Look at the total after-tax income like a pie. Who needs that pie? Your mortgage needs a piece, but so does your retirement account. That is too small of a scale. Instead, think about 3 big categories.

  1. Living expenses – Everything you need to live including Netflix
  2. Savings/Debt Pay-off – This should be your major financial goals and include retirement savings
  3. Fun money – Travel plans, a wedding, your cat’s birthday. The big events go here.

Doing this can take some time. It means looking at your finances and digging through them. If you haven’t calculated your living expenses, there is no better time to start than now.

3. Big picture budgeting

You know your income, how much your living expenses are, if you need to pay off debt, save more, and/or travel to Thailand. You’re now going to big picture budget and set some major financial goals. Here are some examples of what those goals could look like for you:

  • Use 30% of your income to pay off debt
    • Look at what this number is and see how much debt you can pay off in a year
  • Live on half your income
    • Calculate 50% of your income. How much is that over 12 months? Can you reduce expenses to make this possible?
  • Save 20% of your income
    • If you need to ramp up retirement contributions or start an emergency fund setting a savings rate can be very helpful in giving you a specific number to put away every month.

Run the numbers in multiple ways.

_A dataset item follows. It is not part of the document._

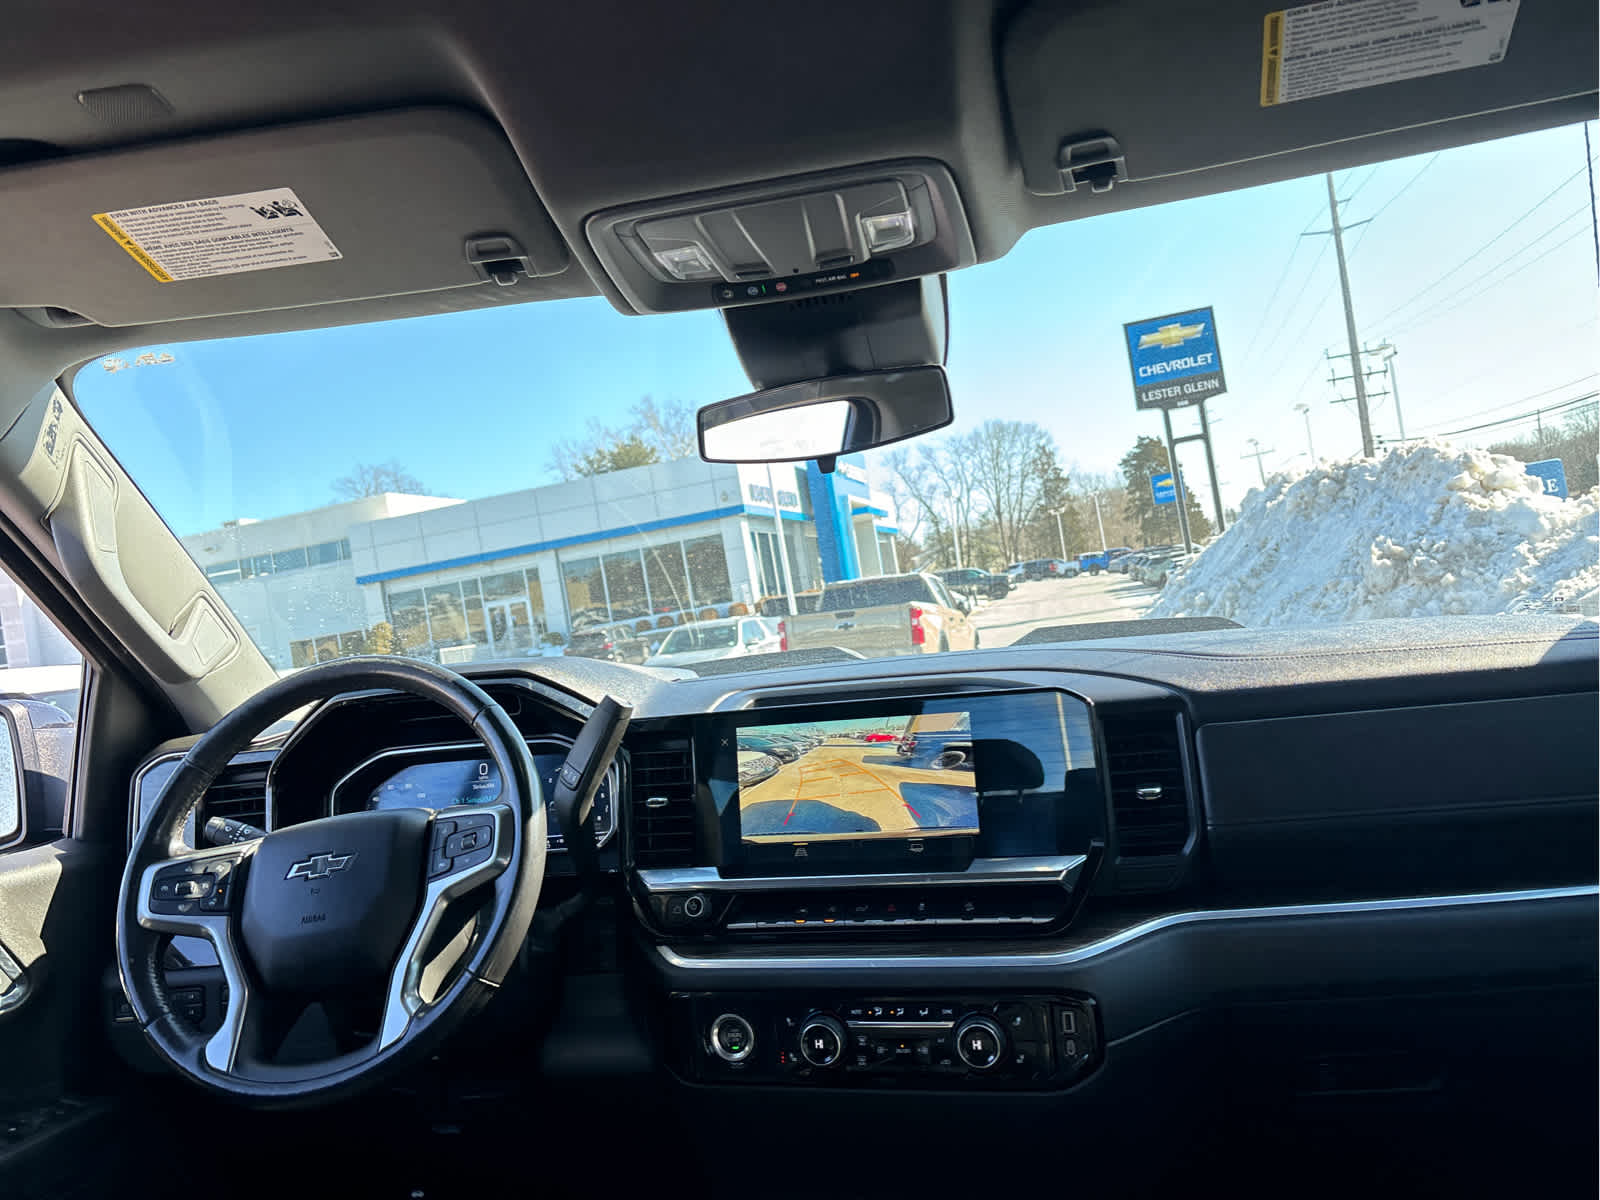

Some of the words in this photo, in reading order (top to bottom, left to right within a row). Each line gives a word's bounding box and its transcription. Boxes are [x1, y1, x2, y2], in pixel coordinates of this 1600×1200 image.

[1139, 353, 1213, 377] CHEVROLET
[1142, 385, 1181, 402] LESTER
[1184, 378, 1219, 394] GLENN
[479, 763, 488, 775] 0

Live off 60%, travel with 10% and save 30%. Or live off 70% and pay off debt with 30%. It is your money and you can slice that pie any way you want.

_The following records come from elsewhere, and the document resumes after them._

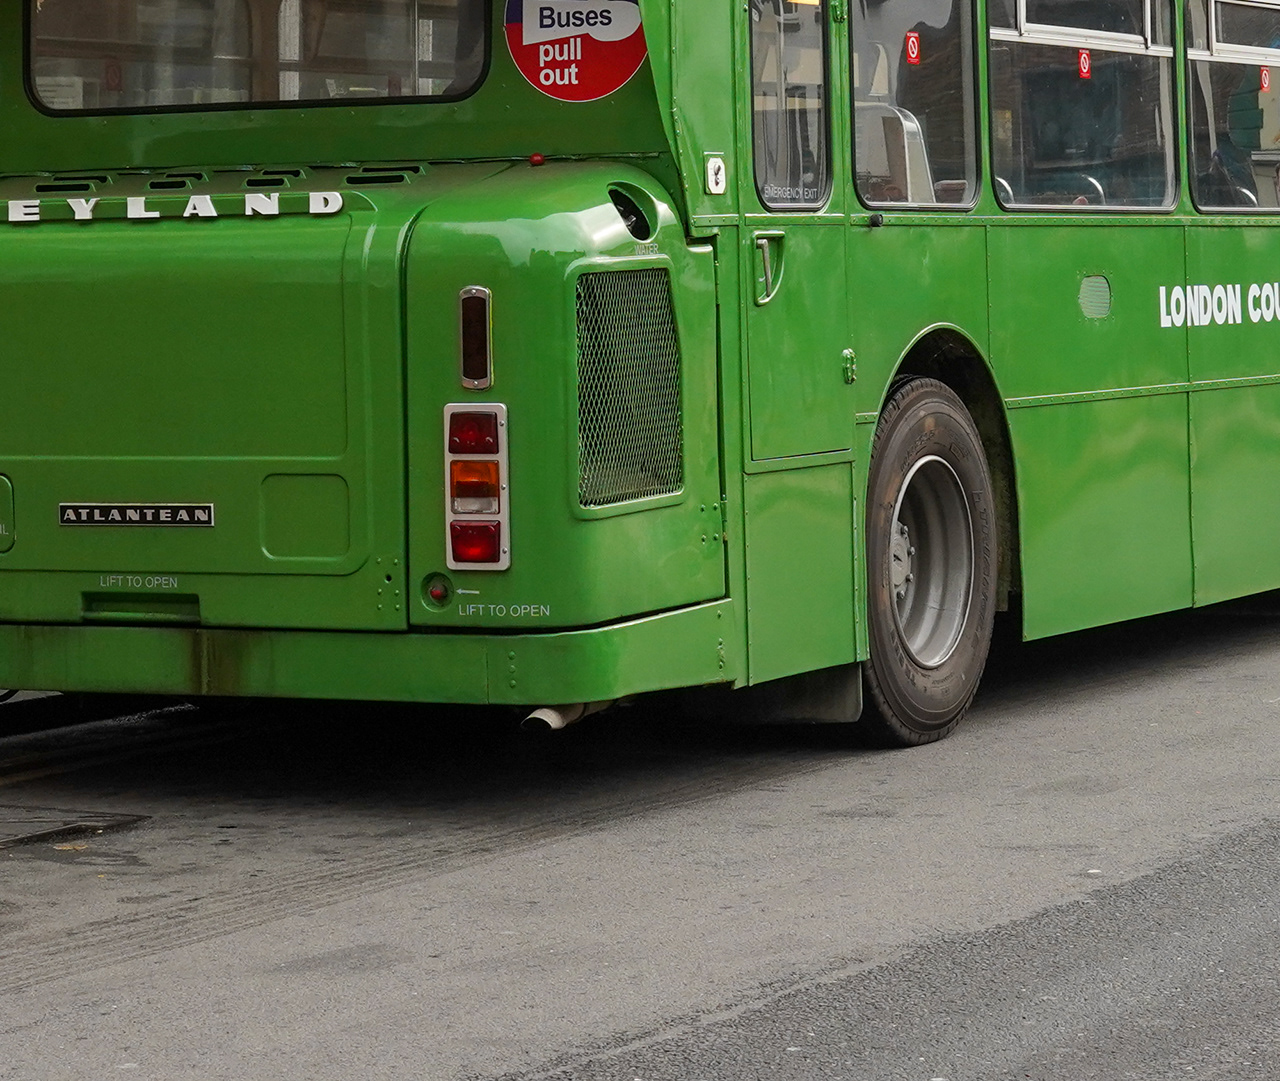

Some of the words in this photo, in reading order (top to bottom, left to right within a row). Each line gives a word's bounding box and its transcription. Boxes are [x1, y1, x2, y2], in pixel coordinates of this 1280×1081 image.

[539, 6, 612, 28] Buses
[539, 37, 582, 67] pull
[539, 63, 579, 85] out
[764, 184, 802, 199] EMERGENCY
[804, 187, 818, 199] EXIT
[634, 243, 659, 256] WATER
[1159, 284, 1242, 327] LONDON
[63, 508, 209, 521] ATLANTEAN
[100, 575, 123, 587] LIFT
[126, 575, 142, 587] TO
[145, 576, 178, 588] OPEN
[459, 605, 485, 616] LIFT
[488, 605, 506, 617] TO
[510, 605, 550, 617] OPEN
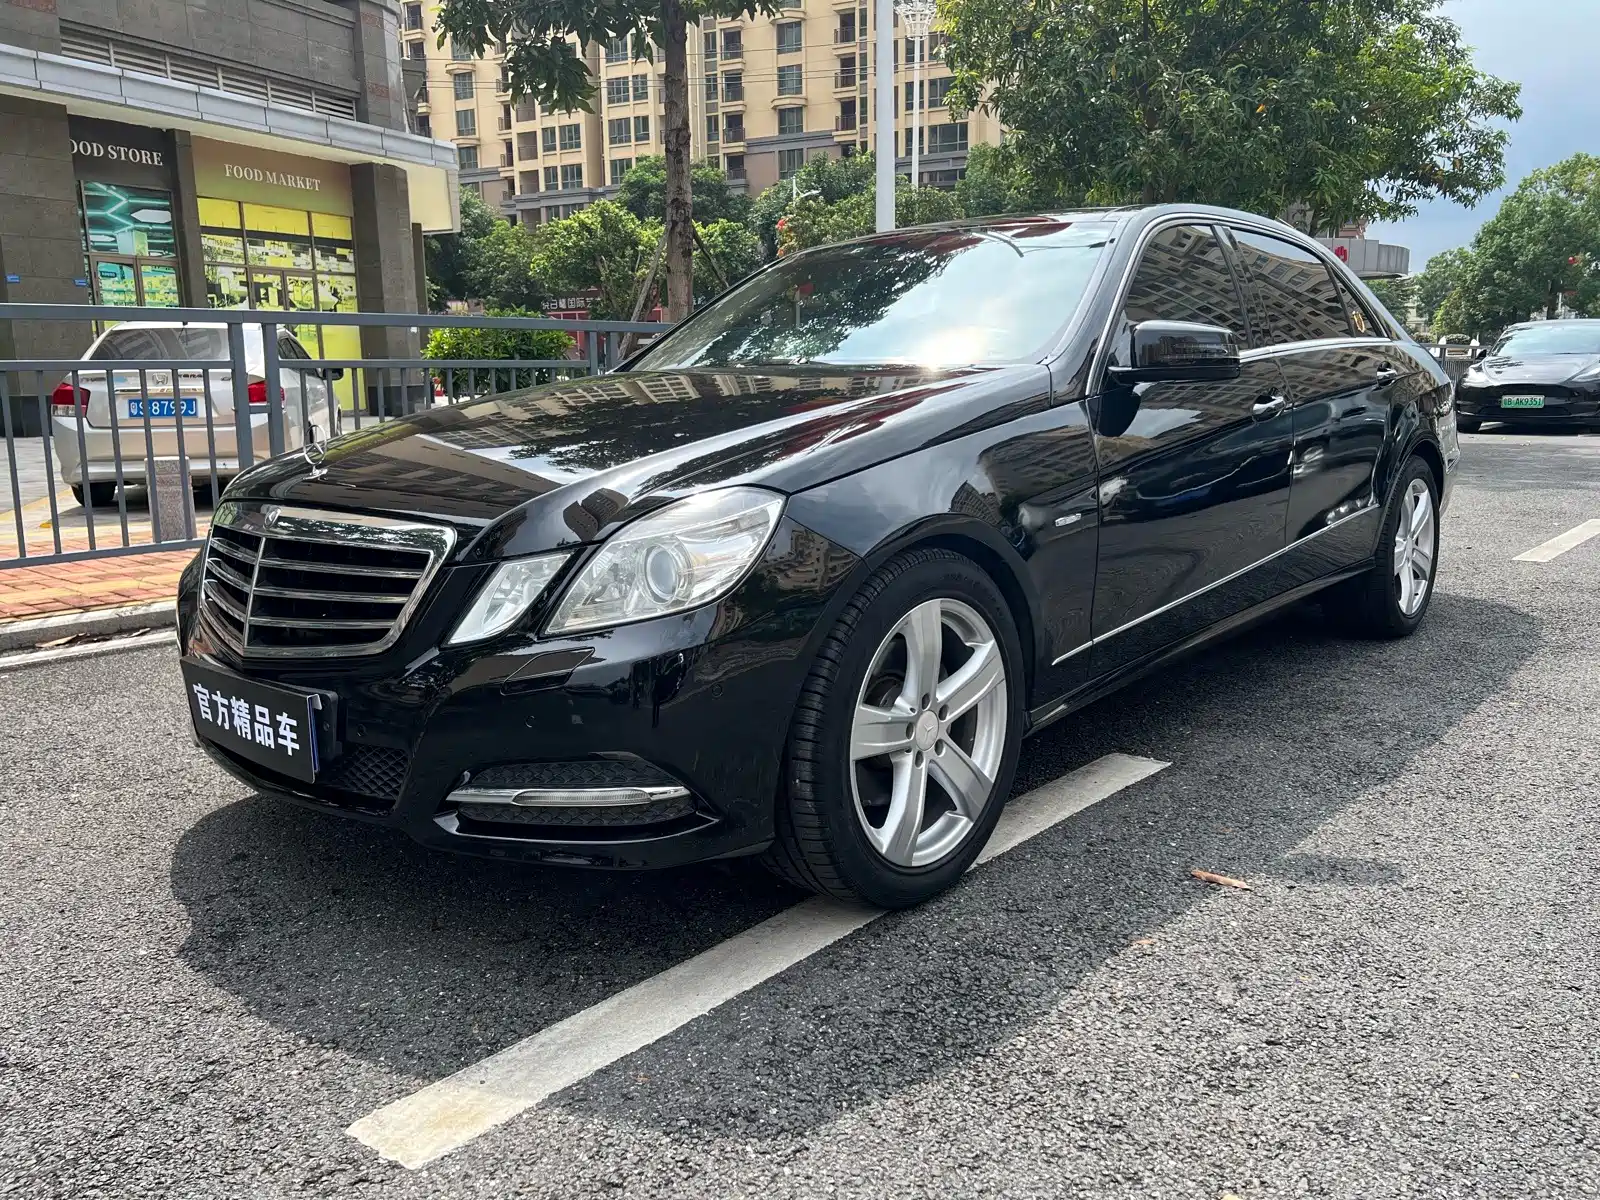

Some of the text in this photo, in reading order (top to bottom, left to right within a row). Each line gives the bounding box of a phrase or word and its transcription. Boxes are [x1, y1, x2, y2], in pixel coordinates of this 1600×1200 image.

[107, 144, 163, 166] STORE
[224, 163, 321, 191] FOOD MARKET
[192, 682, 300, 756] 官方精品车

4. Break those big numbers apart

The big numbers always set my perspective in place. Saving $10,000 in one year sounds ambitious. But saving $833 per month seems possible. Whatever your goal is, break it down.

Look at the big picture and big numbers, then break them down month to month. This changes everything. It helped me become ambitious with my money. It gave me control over my full salary. So the next year when I looked at Box 1, I knew exactly what I did with all that money. Having your W2 boxes explained can put your overall income in perspective.

w2 boxes explained


Caroline at Costa Rica FIRE February 10, 2020 - 9:45 am

I’m a consultant now, but when I had a W2 job my first 15 years of my career, I always just maxed out retirement contributions. Out of sight, out of mind — if I didn’t have the money I wouldn’t fitter it away. Topping out at least that part of saving ensured I was at least minding my retirement, and it has paid off big time. It seemed like nothing when I started but now I’m late 40’s so we’re looking at almost 30 years of growth. Agree 100% that you need to look at your pay stubs and make sure you’re saving as much as you think into your accounts, that your taxes are being withheld properly (not too much, not too little). I would also look at your benefits policy and make sure you’re taking advantage of every benefit and perk your company offers. I once worked somewhere with deeply discounted movie ticket passes. I took advantage of that from day one, and there were people years into the company who learned about it from me! Read your company benefits plan!

Bethany February 10, 2020 - 10:40 am

So many good tips here! Thank you for sharing.